Lithuanian rabbis to students: Stay away from pullout protests
Rabbis say yeshiva students shouldn't be distracted from Torah study during vacation.
As the yeshivas prepare for the start of their semester break Monday (known in Hebrew as "bein hazmanim" or "between the times"), the leaders of the Lithuanian yeshivas are warning students not to participate in demonstrations and other protest actions while on vacation.
The word "disengagement" is not being explicitly used, but the timing makes it self-evident. Despite opposition to the pullout within the ultra-Orthodox community, the rabbis of the Lithuanian yeshivas do not look favorably upon any connection with religious Zionism and are interested in keeping their ultra-Orthodox students away from religious Zionists.
"A yeshiva's student obligation is to the study of Torah, so we therefore warn yeshiva students especially ... not to participate in any demonstration. ... besides the additional spiritual peril concerning the boundaries of modesty," reads a letter sent this week to the heads of the yeshivas.
"Anyone who disobeys this has no place in the yeshiva," it says.
The signatories to the letter include the leaders of Lithuanian ultra-Orthodoxy, rabbis Yosef Shalom Elyashiv and Aharon Leib Steinman.
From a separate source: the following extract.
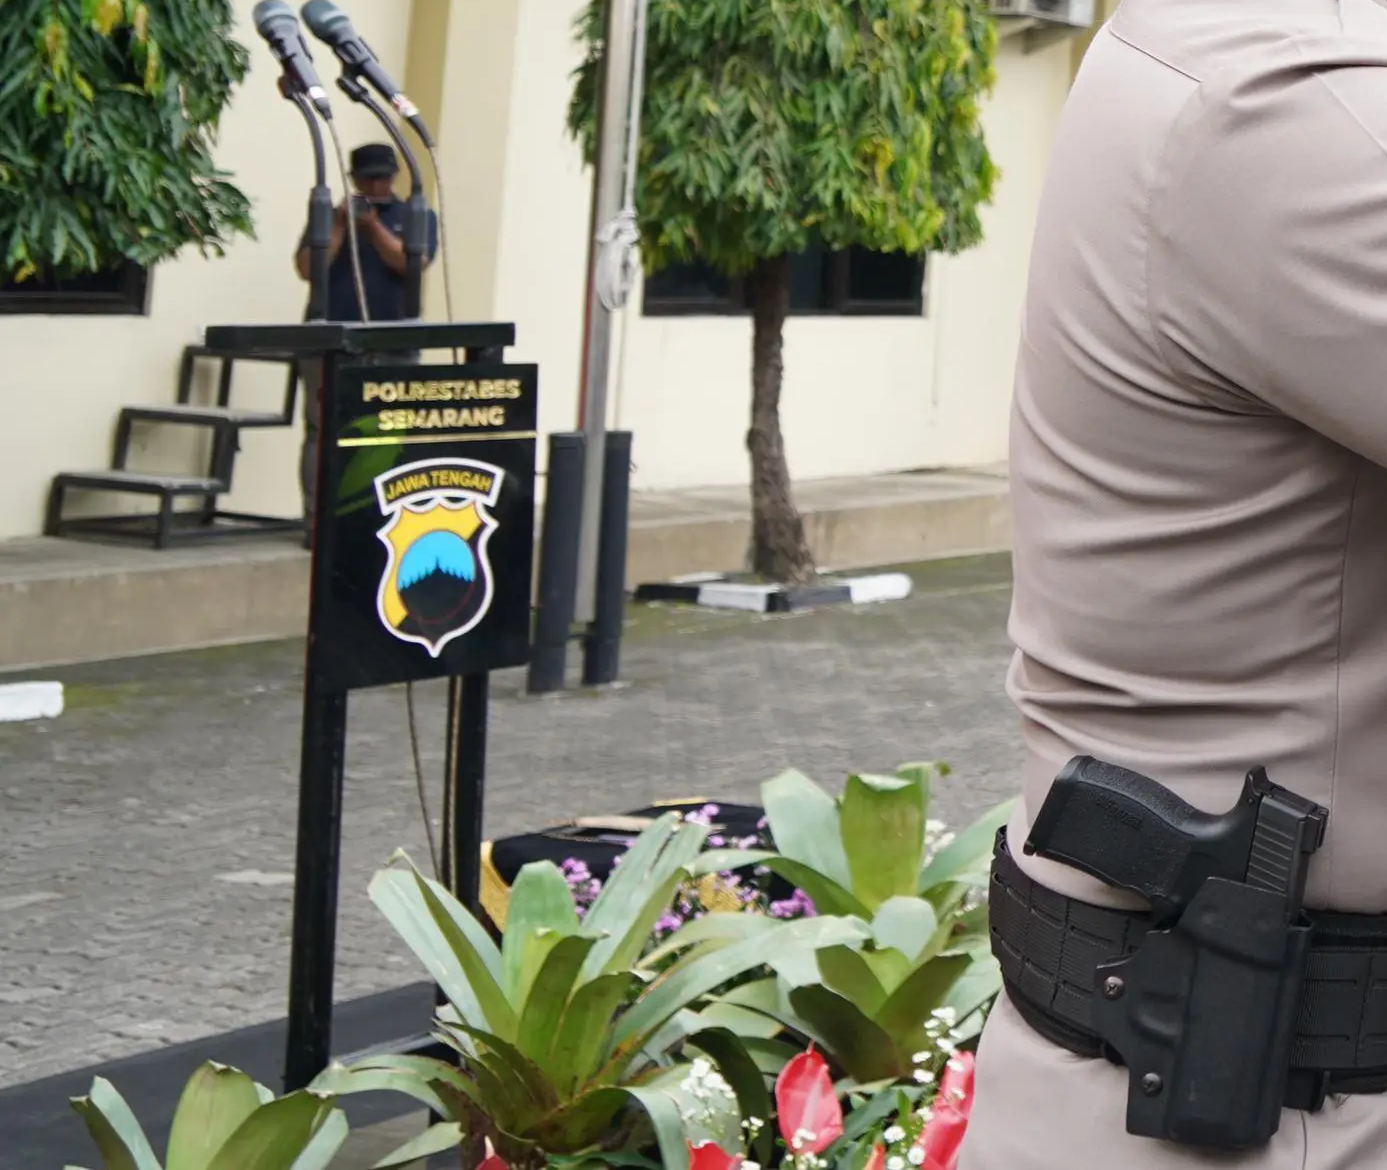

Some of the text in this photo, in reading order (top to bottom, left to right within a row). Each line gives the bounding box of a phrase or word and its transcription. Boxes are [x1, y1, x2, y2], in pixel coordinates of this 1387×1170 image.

[362, 379, 522, 402] POLRESTABES
[377, 405, 505, 430] SEMARANG
[386, 469, 493, 501] JAWA TENGAH
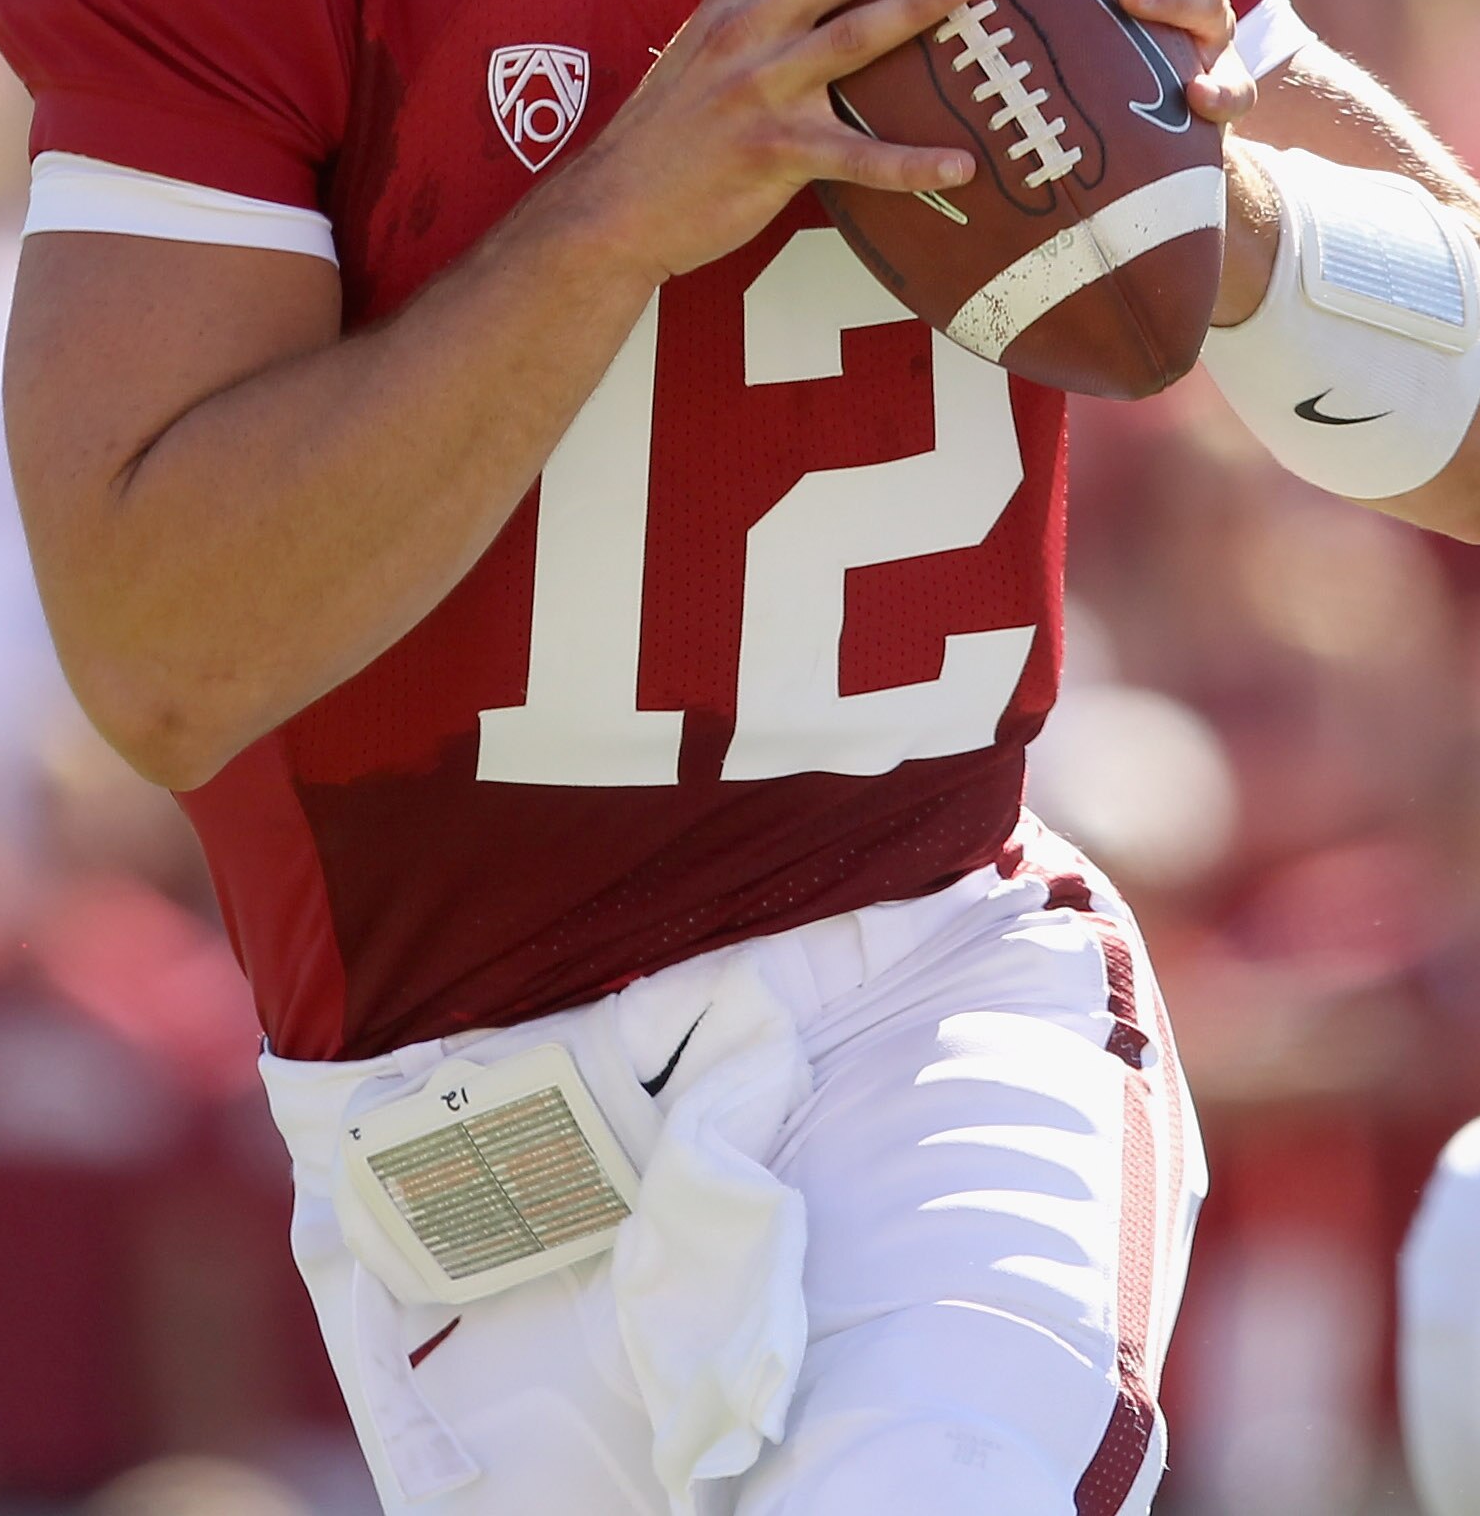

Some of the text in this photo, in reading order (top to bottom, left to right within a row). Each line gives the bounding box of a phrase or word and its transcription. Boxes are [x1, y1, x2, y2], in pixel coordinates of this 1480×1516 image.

And in fact, many yeshiva students were absent from the mass prayer rally at the Western Wall on Wednesday night, and from various other protests.
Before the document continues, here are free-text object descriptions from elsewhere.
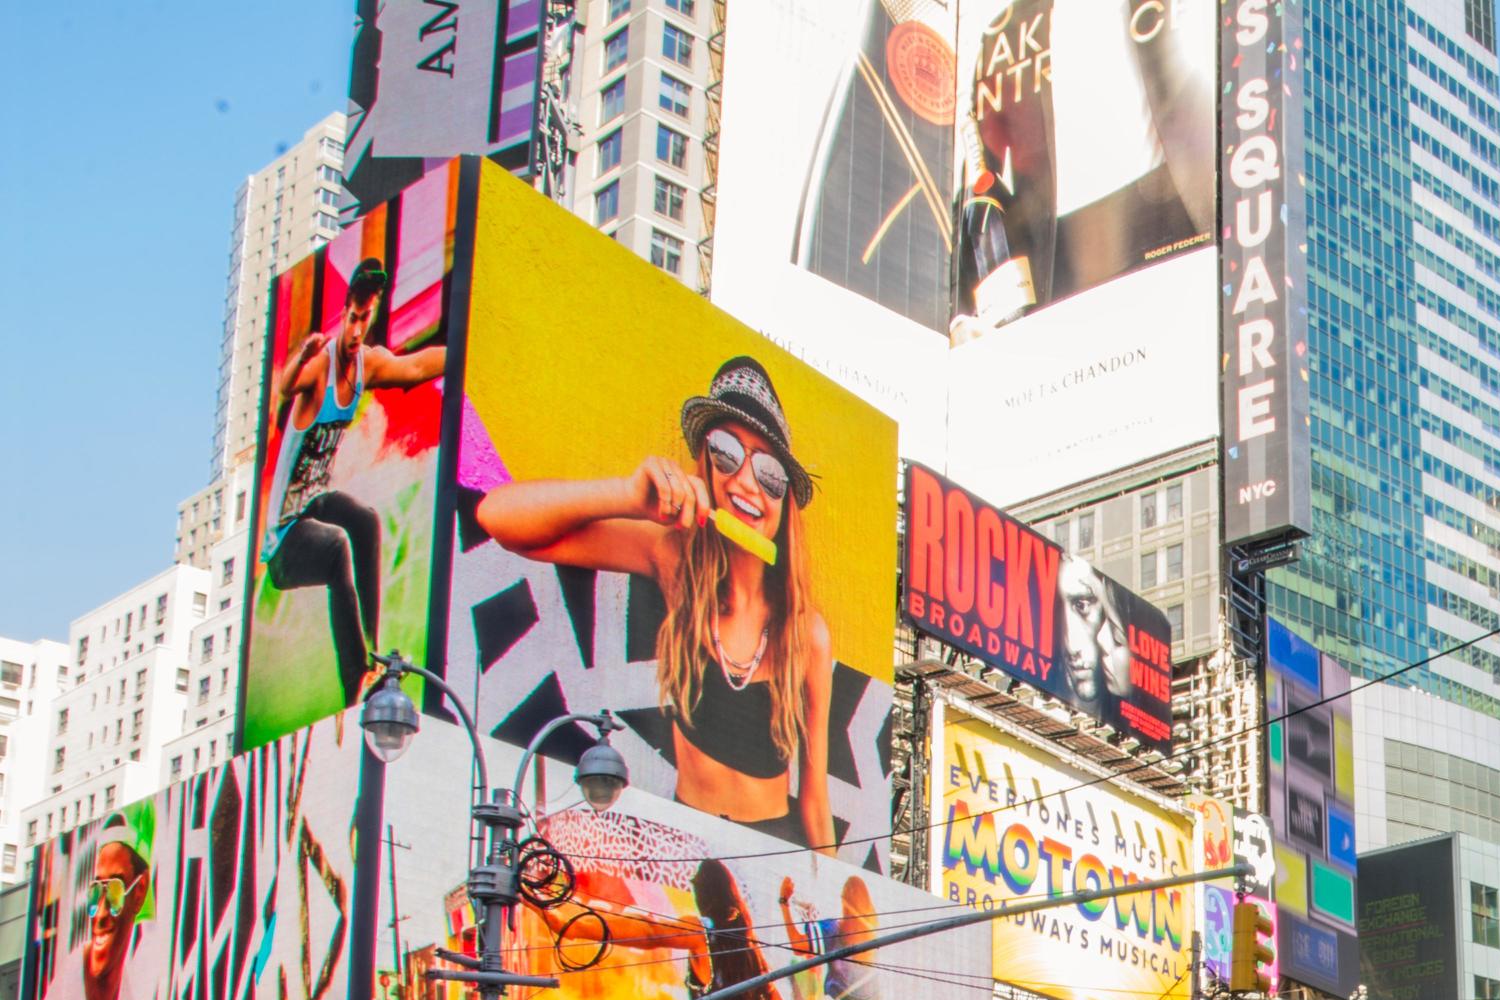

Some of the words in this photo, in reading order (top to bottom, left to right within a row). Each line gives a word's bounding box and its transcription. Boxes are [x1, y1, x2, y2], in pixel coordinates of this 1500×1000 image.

[1144, 246, 1174, 260] ROGER
[1174, 232, 1212, 250] FEDERER
[1230, 77, 1280, 442] SQUARE
[1062, 345, 1148, 389] CHANDON
[1239, 479, 1277, 505] NYC
[910, 465, 1061, 658] ROCKY
[909, 592, 1053, 682] BROADWAY
[1128, 623, 1170, 673] LOVE
[1129, 655, 1170, 704] WINS
[942, 800, 1183, 952] MOTOWN
[1099, 938, 1182, 982] MUSICAL
The number of yeshiva students targeted by the letter campaign is in the tens of thousands. Haim Cohen - an aide to Elyashiv, who leads the Degel Hatorah movement - said the rabbis had hitherto resisted pressure from government officials to order yeshiva students not to demonstrate.
The rabbis said telling students to avoid protesting would have been tantamount to admitting that students were attracted to the kind of political action that the ultra-Orthodox typically avoid on ideological grounds.
This changed, one ultra-Orthodox spokesman said, when MK Meir Porush of Agudat Yisrael (representing the Hasidim) joined the protest and the prayer rally last week, which required the Lithuanian rabbis to take an unequivocal position.